Top of Dataset

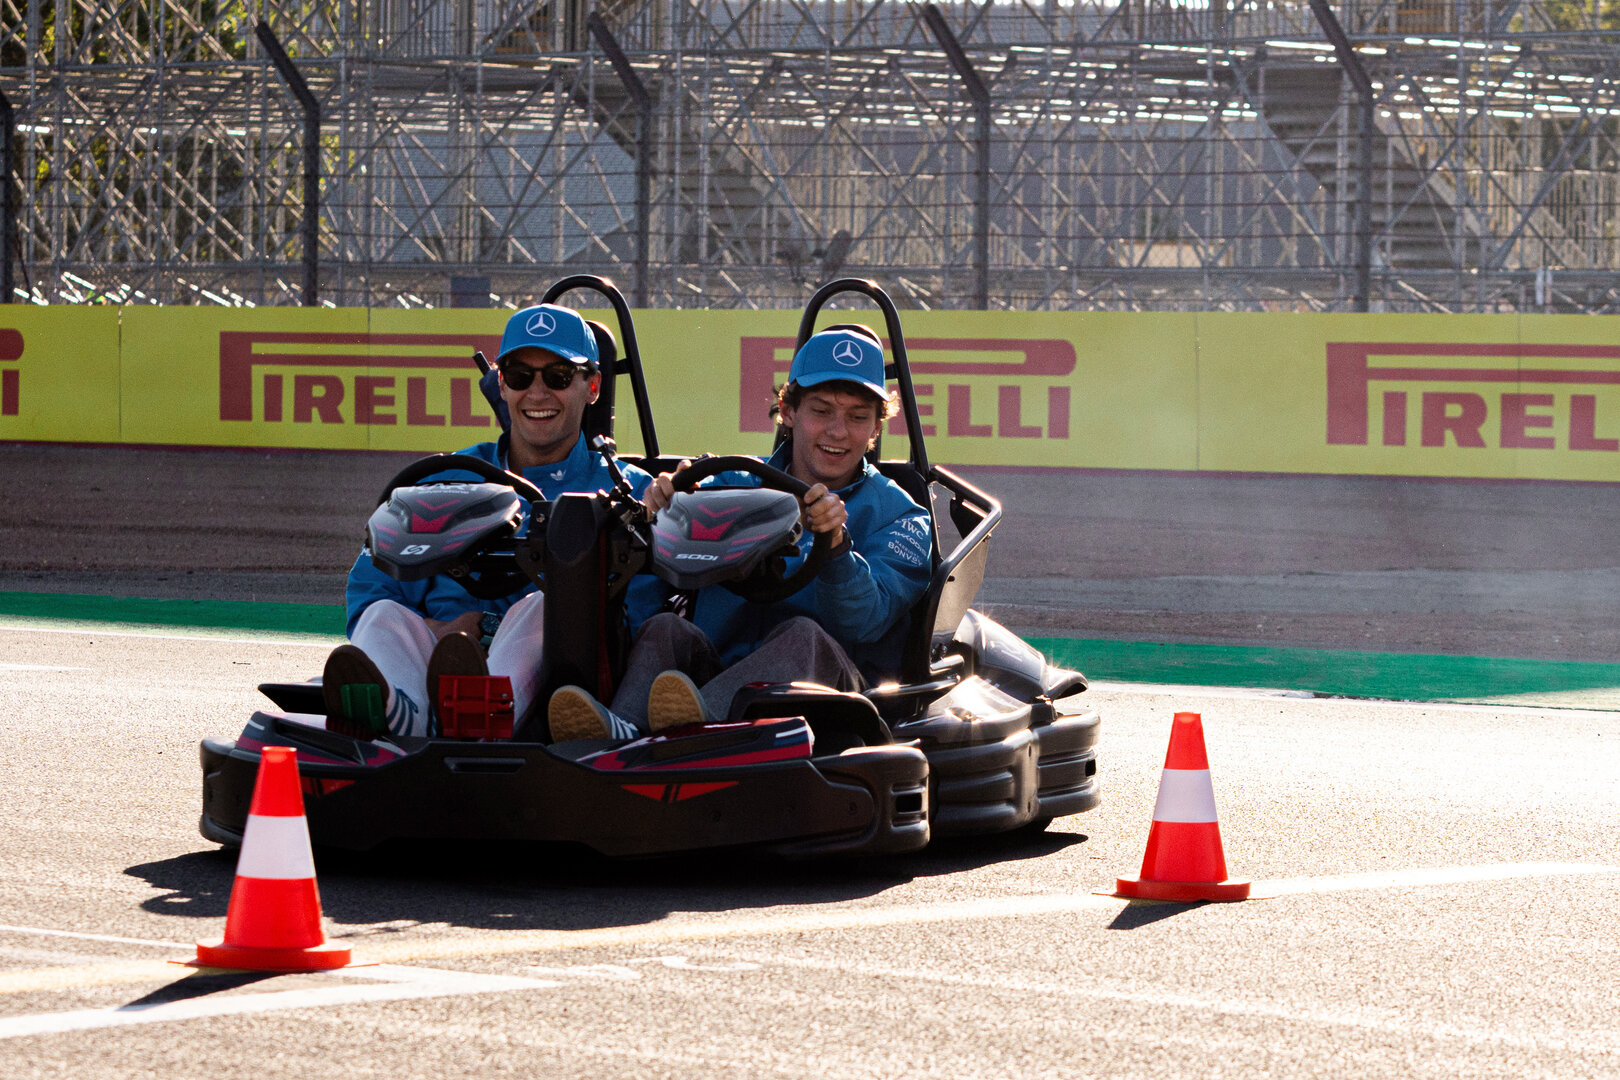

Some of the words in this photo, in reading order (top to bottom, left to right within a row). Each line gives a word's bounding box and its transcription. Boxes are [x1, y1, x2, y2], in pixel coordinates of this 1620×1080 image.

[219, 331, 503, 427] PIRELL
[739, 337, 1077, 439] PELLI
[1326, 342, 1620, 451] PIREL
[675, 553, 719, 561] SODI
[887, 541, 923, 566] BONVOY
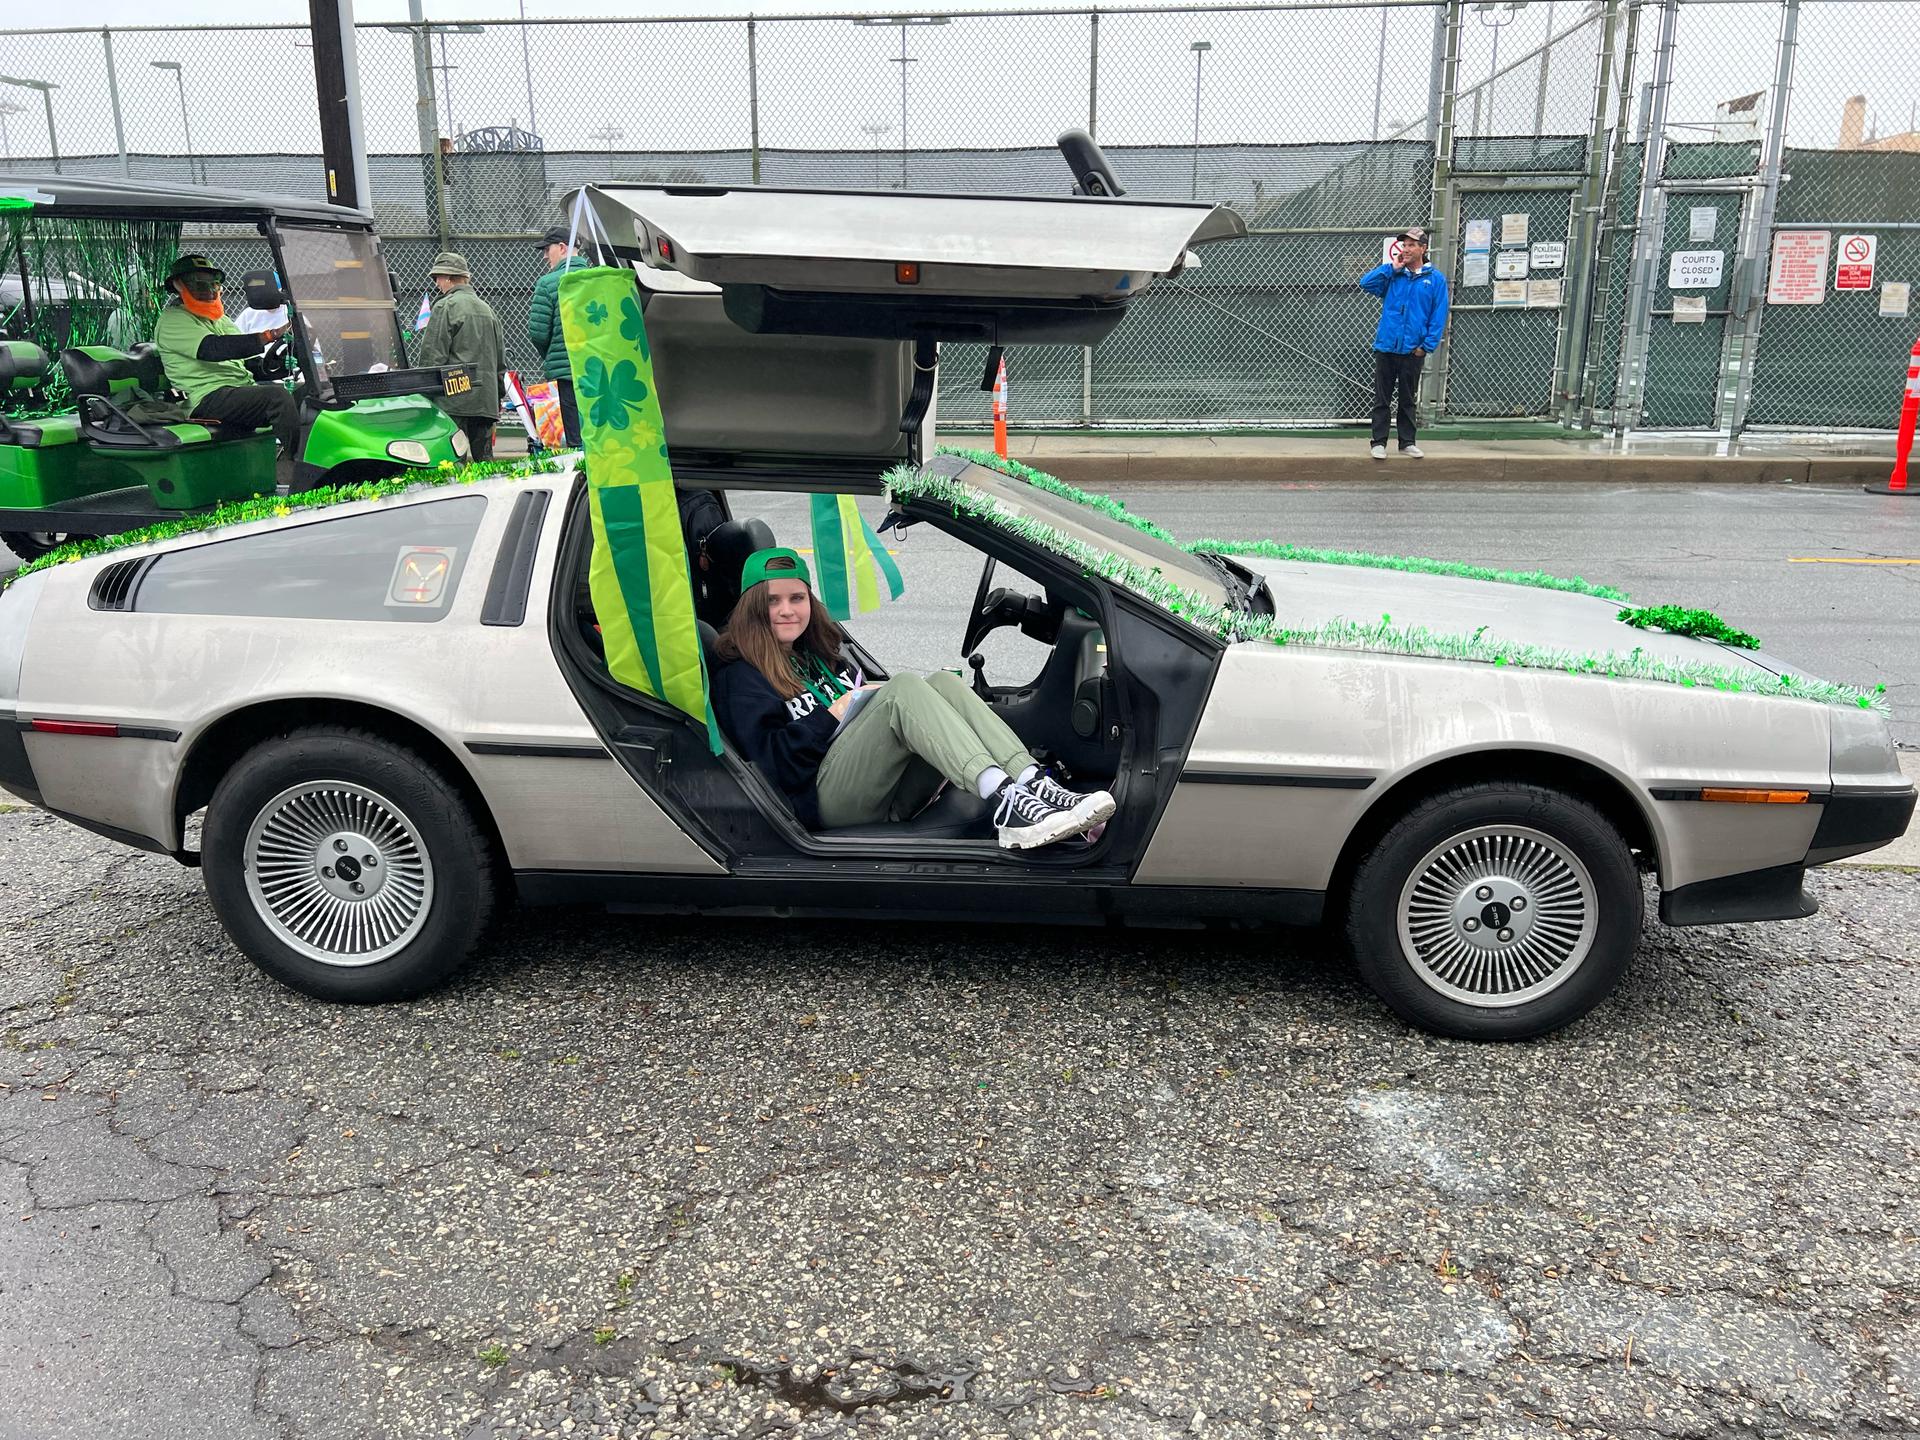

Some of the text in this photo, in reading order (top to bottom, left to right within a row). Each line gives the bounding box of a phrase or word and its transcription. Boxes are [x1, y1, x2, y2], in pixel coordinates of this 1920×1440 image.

Bottom of Dataset

Exercise objective: The result should be the listing above, restated exactly, with no pictures in it.

Solution:
Some of the words in this photo, in reading order (top to bottom, left to right within a row). Each line gives a word's bounding box and its transcription. Boxes are [x1, y1, x2, y2], in pixel coordinates of this 1620×1080 image.

[219, 331, 503, 427] PIRELL
[739, 337, 1077, 439] PELLI
[1326, 342, 1620, 451] PIREL
[675, 553, 719, 561] SODI
[887, 541, 923, 566] BONVOY

Some of the text in this photo, in reading order (top to bottom, left to right within a row). Each line gives the bounding box of a phrase or word and its transcription. Boxes are [x1, y1, x2, y2], in pixel coordinates of this 1920×1440 image.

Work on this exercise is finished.